SE PhD Dissertation Defense: James Queeney

TITLE:   Reliable Deep Reinforcement Learning: Stable Training and Robust Deployment

ADVISORS: Ioannis Paschalidis, ECE, BME, SE, CDS and Christos Cassandras, ECE, SE

COMMITTEE: Ashok Cutkosky, ECE, CS, SE; Eshed Ohn-Bar, ECE, CS; Mouhacine Benosman, MERL

CHAIR: Alex Olshevsky, ECE, SE

ABSTRACT: Deep reinforcement learning (RL) represents a data-driven framework for sequential decision making that has demonstrated the ability to solve challenging control tasks. This data-driven, learning-based approach offers the potential to improve operations in complex systems, but only if it can be trusted to produce reliable performance both during training and upon deployment.
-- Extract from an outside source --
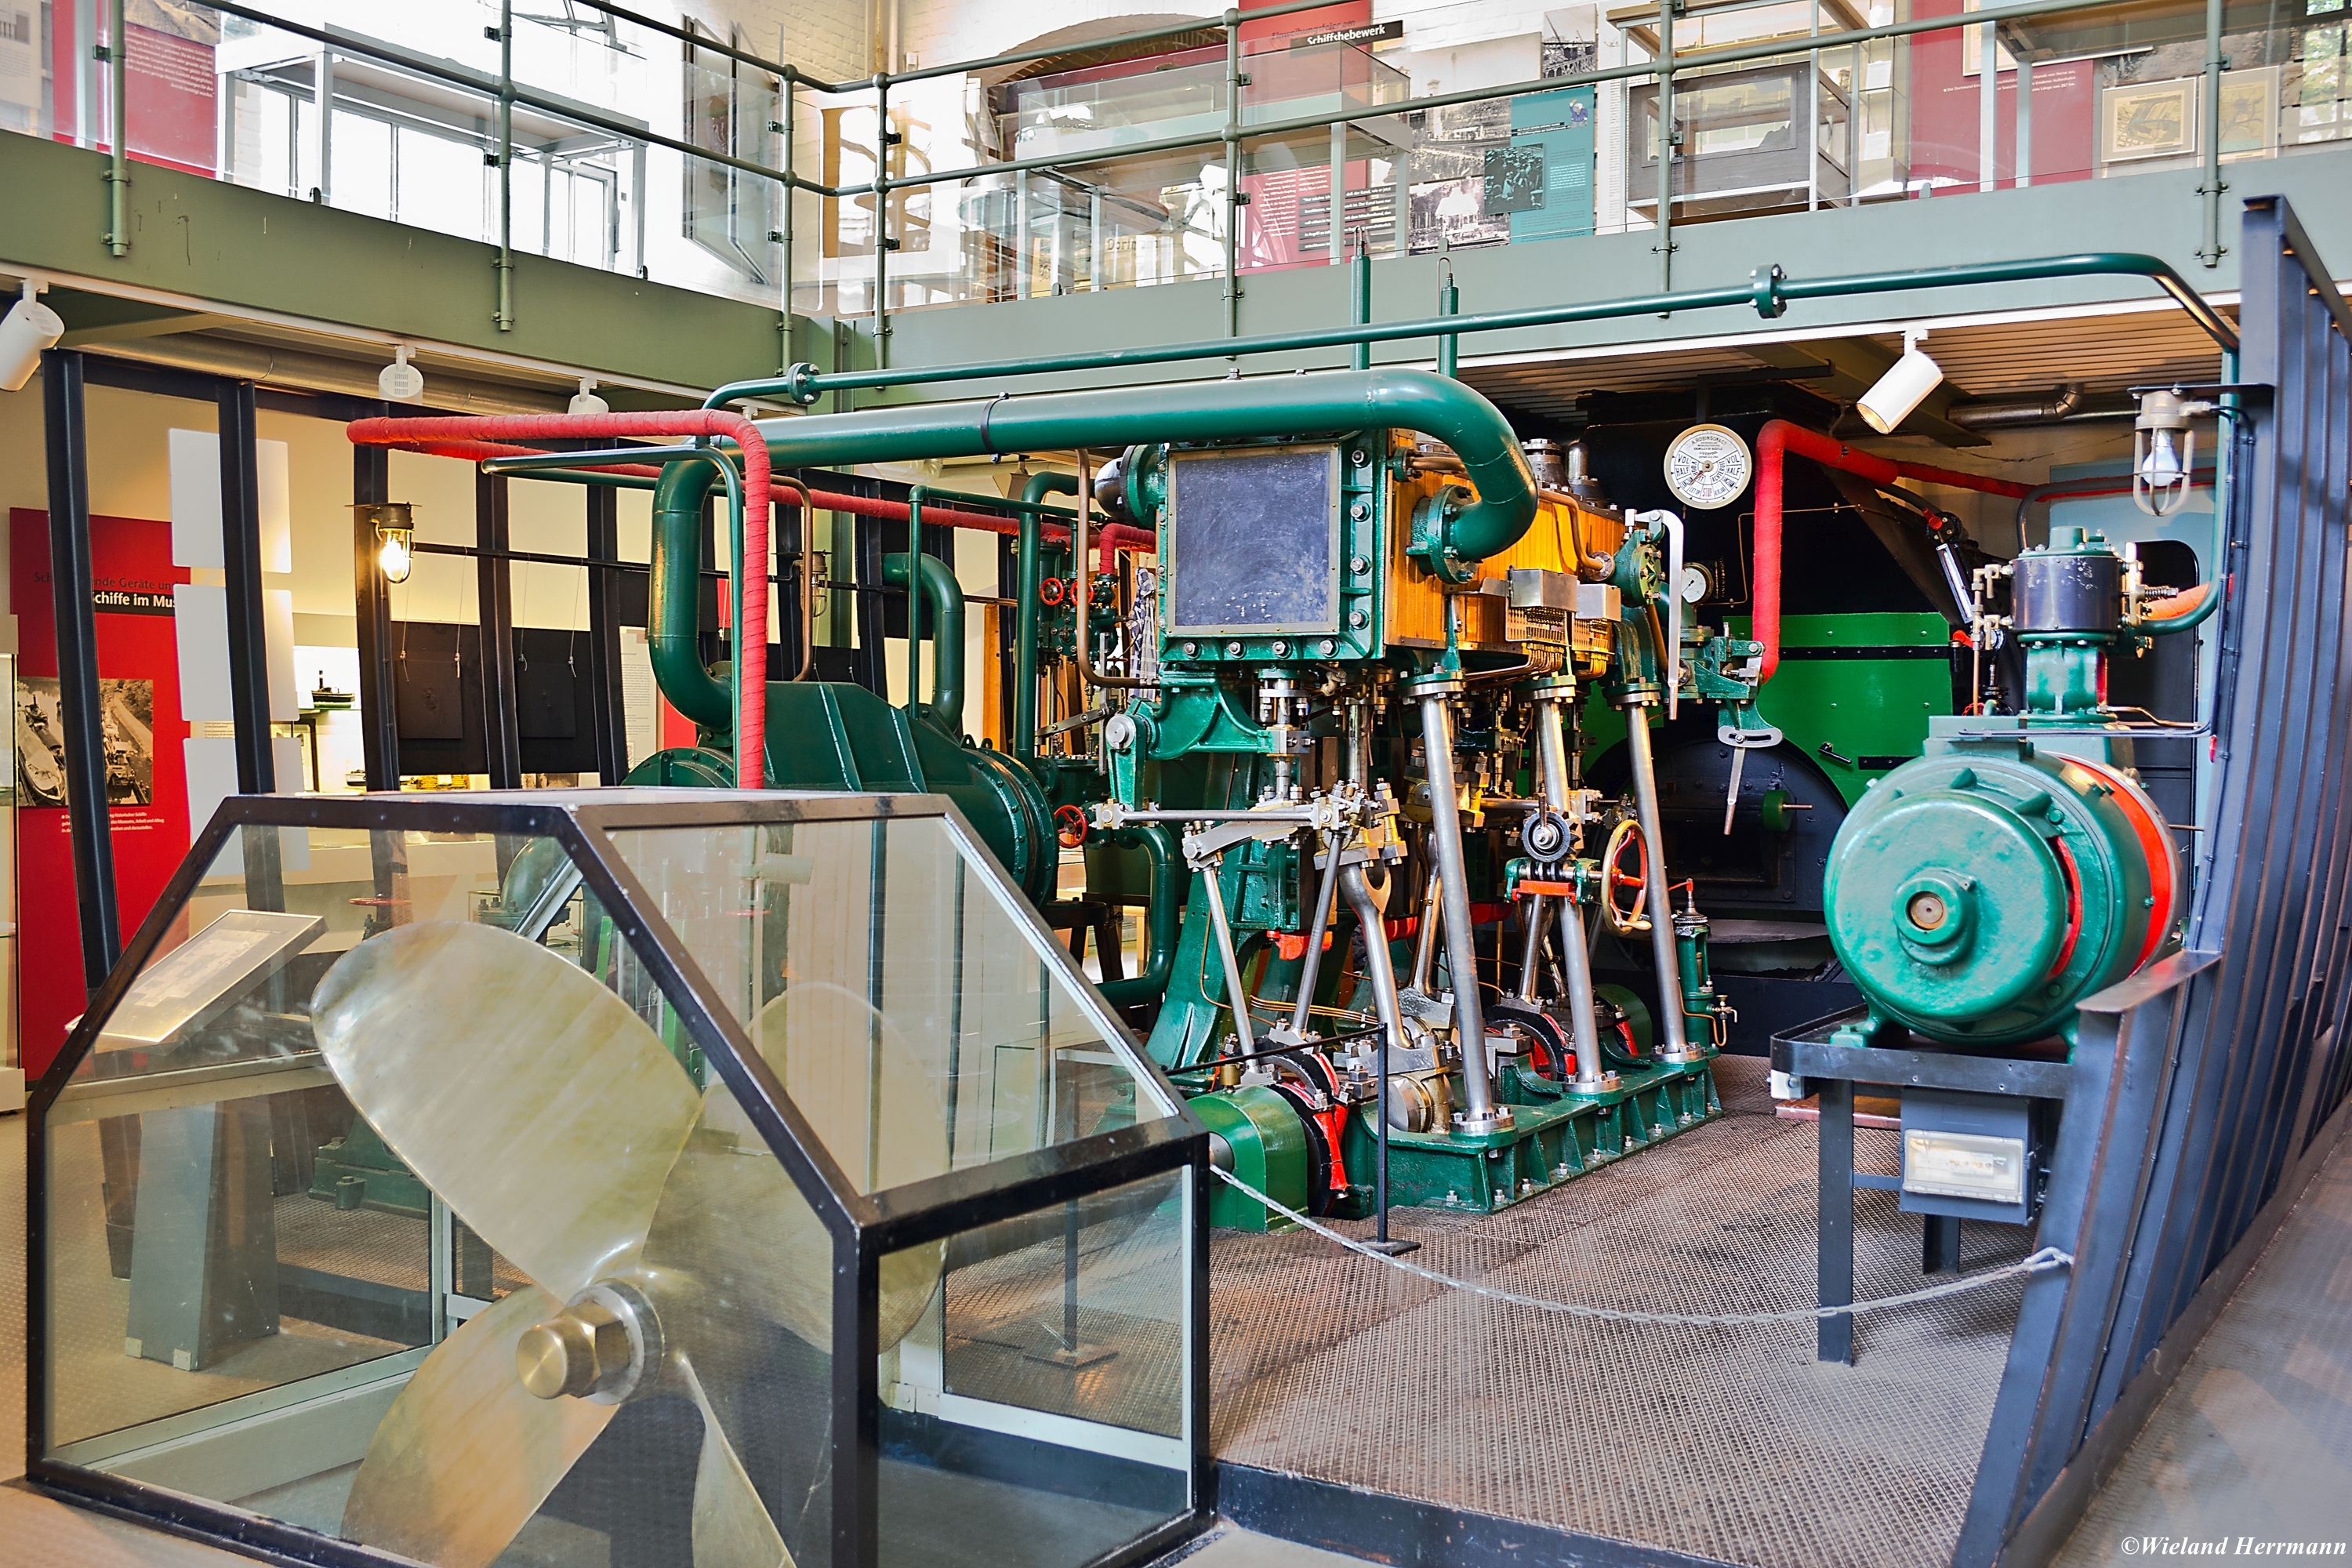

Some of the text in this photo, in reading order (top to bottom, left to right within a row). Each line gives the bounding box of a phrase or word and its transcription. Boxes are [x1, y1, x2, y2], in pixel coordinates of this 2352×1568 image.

These requirements have hindered the adoption of deep RL in many real-world applications. In order to overcome the limitations of existing methods, this dissertation introduces reliable deep RL algorithms that deliver (i) stable training from limited data and (ii) robust, safe deployment in the presence of uncertainty.The first part of the dissertation addresses the interactive nature of deep RL, where learning requires data collection from the environment. This interactive process can be expensive, time-consuming, and dangerous in many real-world settings, which motivates the need for reliable and efficient learning. We develop deep RL algorithms that guarantee stable performance throughout training, while also directly considering data efficiency in their design. These algorithms are supported by novel policy improvement lower bounds that account for finite-sample estimation error and sample reuse.The second part of the dissertation focuses on the uncertainty present in real-world applications, which can impact the performance and safety of learned control policies. In order to reliably deploy deep RL in the presence of uncertainty, we introduce frameworks that incorporate safety constraints and provide robustness to general disturbances in the environment. Importantly, these frameworks make limited assumptions on the training process, and can be implemented in settings that require real-world interaction for training. This motivates deep RL algorithms that deliver robust, safe performance at deployment time, while only using standard data collection from a single training environment.Overall, this dissertation contributes new techniques to overcome key limitations of deep RL for real-world decision making and control. Experiments across a variety of continuous control tasks demonstrate the effectiveness of our algorithms.